Semuanya berawal dari pandangan pertama.
Malam hari sebelum keberangkatanku ke stasiun, aku mengemas seluruh perlengkapanku. Memasukkan banyak baju dan makanan ke koper hingga membuatnya berat, seberat beban hidupku sebagai mahasiswa akhir.
Tidak bisa kubayangkan perjalananku esok hari akan indah. Sebab, tugas-tugas kuliahku masih bergelantungan di pikiranku. Membuat perasaanku tak tenang, kecemasan juga ada pada diriku.
Usai mandi pagi dengan air dingin yang seakan membuat tubuhku menjadi es, serta sarapan dengan bubur ayam kesukaanku, aku dan keluargaku berangkat menuju stasiun. Sesampainya di sana, kulihat ruang tunggu yang begitu sesak seperti pasar malam.
Tiga puluh menit kami menunggu kereta kami tiba. Selama menunggu, kulihat seorang gadis manis duduk seorang diri. Dia berwajah cantik, berlesung pipi, dan berpayudara besar, yang tingginya hampir menyamaiku dengan membawa buku-buku yang entah buku apa aku pun tak tahu. Tapi aku menduga, gadis manis itu adalah mahasiswi yang kuliah di kota yang tak jauh dari kotaku.

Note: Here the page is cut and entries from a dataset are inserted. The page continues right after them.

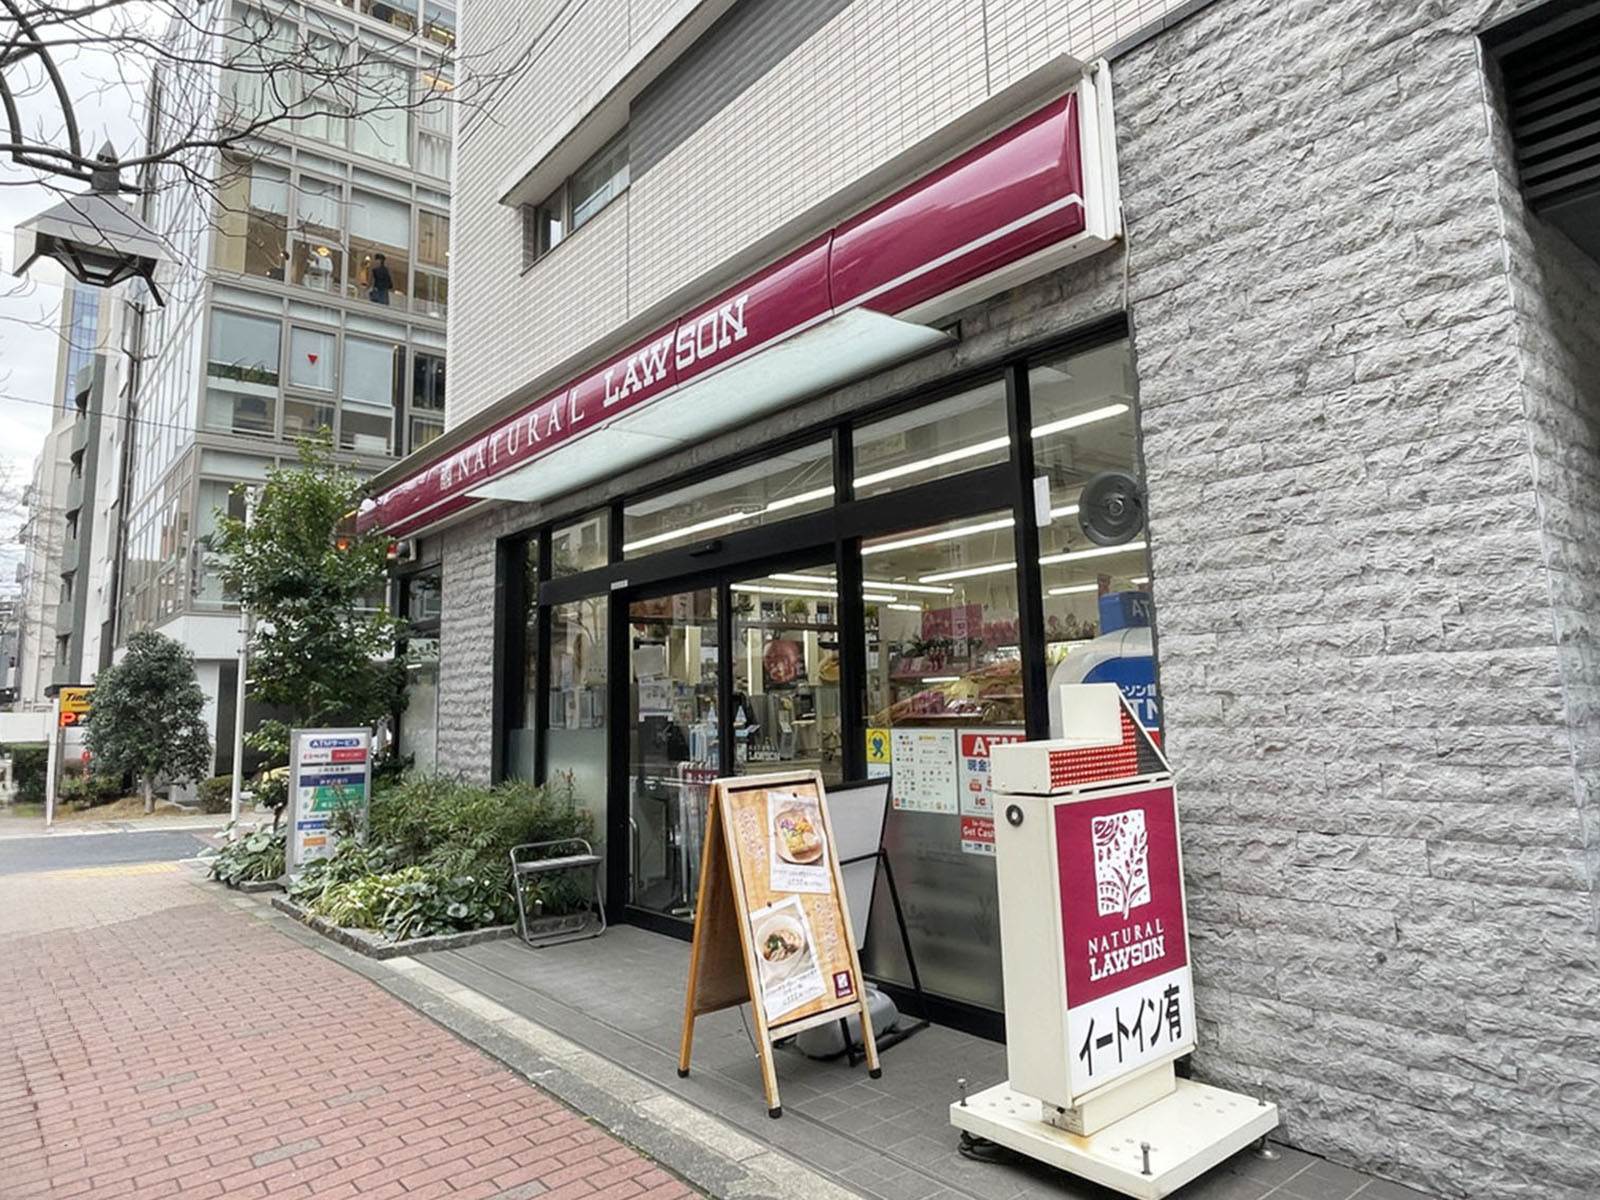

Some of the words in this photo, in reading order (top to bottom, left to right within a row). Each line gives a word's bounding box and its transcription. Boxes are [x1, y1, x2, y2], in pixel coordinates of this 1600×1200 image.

[456, 390, 585, 484] NATURAL
[602, 294, 749, 408] LAWSON
[1087, 918, 1165, 957] NATURAL
[1089, 935, 1166, 982] LAWSON
[1079, 983, 1183, 1077] イートイン有

Kulihat gadis itu duduk dengan sabar menunggu keretanya tiba dengan asyik bermain handphone meski sesekali dia membaca buku-buku yang dibawanya itu. Tanpa kusengaja, sempat kulihat novel Laut Bercerita karya Laila Chudori di antara buku-buku yang dibawanya.

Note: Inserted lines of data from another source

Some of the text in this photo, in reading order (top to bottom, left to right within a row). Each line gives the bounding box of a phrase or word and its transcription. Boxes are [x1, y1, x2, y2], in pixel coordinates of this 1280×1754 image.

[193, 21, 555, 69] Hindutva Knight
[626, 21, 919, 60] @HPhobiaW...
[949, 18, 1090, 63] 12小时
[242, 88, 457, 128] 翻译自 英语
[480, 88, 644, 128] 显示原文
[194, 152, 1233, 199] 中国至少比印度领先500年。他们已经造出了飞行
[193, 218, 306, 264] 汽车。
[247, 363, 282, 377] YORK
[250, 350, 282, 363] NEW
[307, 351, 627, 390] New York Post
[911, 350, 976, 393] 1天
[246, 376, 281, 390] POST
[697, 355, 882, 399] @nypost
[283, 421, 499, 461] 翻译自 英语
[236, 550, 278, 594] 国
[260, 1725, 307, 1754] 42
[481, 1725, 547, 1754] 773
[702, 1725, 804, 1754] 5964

Sontak, aku pun teringat pernah membaca buku itu. Alur cerita dan tokohnya pun, aku masih ingat betul. Laut, sosok mahasiswa yang ditangkap dan menghilang ketika rezim Soeharto berkuasa.
Sementara kulihat gadis itu dari kejauhan, ibu dan kakakku asyik mengobrol di sampingku. Entah mereka bicara apa aku pun tak tahu, karena aku tak peduli, aku hanya ingin melihat gadis manis itu. Kesempatan buatku untuk melihat gadis manis itu dari kejauhan.
Begitu cantiknya gadis itu, hingga terbesit di pikiranku untuk berkenalan dengannya. Namun, karena ada ibu dan kakakku saat itu, aku urung memberanikan diri.
Jam besar di stasiun menunjukkan pukul 08.55, yang berarti keretaku akan segera tiba.
Pagi itu, aku dan ibuku akan mengantar kakakku ke Jakarta yang akan dilanjutkan perjalanannya ke negara Naruto berasal. Negeri yang begitu mempesona dengan kemegahan Gunung Fuji dan keindahan bunga sakuranya.
Semerbak bau harum menusuk hidungku di stasiun kala itu, rupanya kedai Roti O di sudut stasiun yang menjajakan roti dengan cream coffee yang membuatku lapar.
Tampak dari kejauhan, gadis manis itu sudah bersiap-siap untuk memasuki kereta. Aku pun juga bersiap-siap karena kereta yang akan kutumpangi tak lama lagi akan tiba.
Sudah kuduga dari awal, gadis manis itu pasti akan naik kereta yang berbeda denganku. Helm dan barang yang dibawanya tak sebanyak barangku, aku pun menduga lagi jika dia akan menaiki kereta ke kota seberang.
Rasa ingin memandang gadis itu lebih lama sirna ketika kereta yang akan kunaiki berhenti tepat di hadapanku, menutup pandanganku terhadapnya.
Kudorong koper hitam milikku, kulihat kakakku menggendong tasnya, sedang ibuku menenteng kantung plastik yang berisi makan siang kami di perjalanan nanti.
Setelah pintu dibuka, kami masuk dan duduk sesuai tiket kami. Dari jendela kereta, masih kulihat gadis manis itu sudah masuk ke keretanya.
Rinduku seketika memuncak, begitu cepatnya diriku kehilangan sosok gadis manis itu. Aku menyesal karena tak sempat berkenalan dengannya.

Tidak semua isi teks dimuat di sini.